Segment Start: EXERCISE DATA
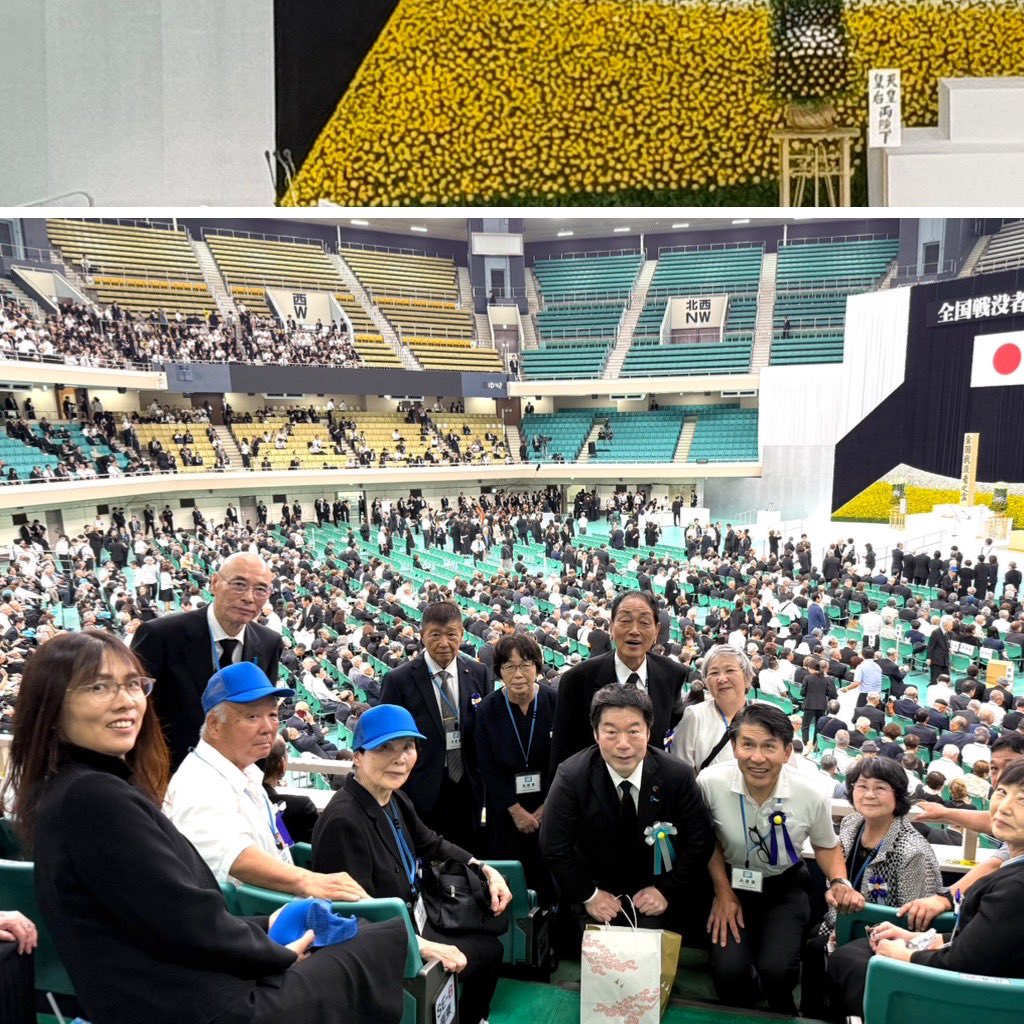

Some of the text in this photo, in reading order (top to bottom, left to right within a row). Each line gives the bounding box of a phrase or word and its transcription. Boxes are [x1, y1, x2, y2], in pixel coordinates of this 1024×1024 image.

[292, 292, 307, 306] 西
[685, 298, 712, 311] 北西
[293, 305, 308, 319] W
[685, 310, 711, 324] NW
Segment End: EXERCISE DATA
Everything in the records except the pictures is to be repeated exactly.

Some of the text in this photo, in reading order (top to bottom, left to right within a row). Each line gives the bounding box of a phrase or word and its transcription. Boxes are [x1, y1, x2, y2], in pixel coordinates of this 1024×1024 image.

[292, 292, 307, 306] 西
[685, 298, 712, 311] 北西
[293, 305, 308, 319] W
[685, 310, 711, 324] NW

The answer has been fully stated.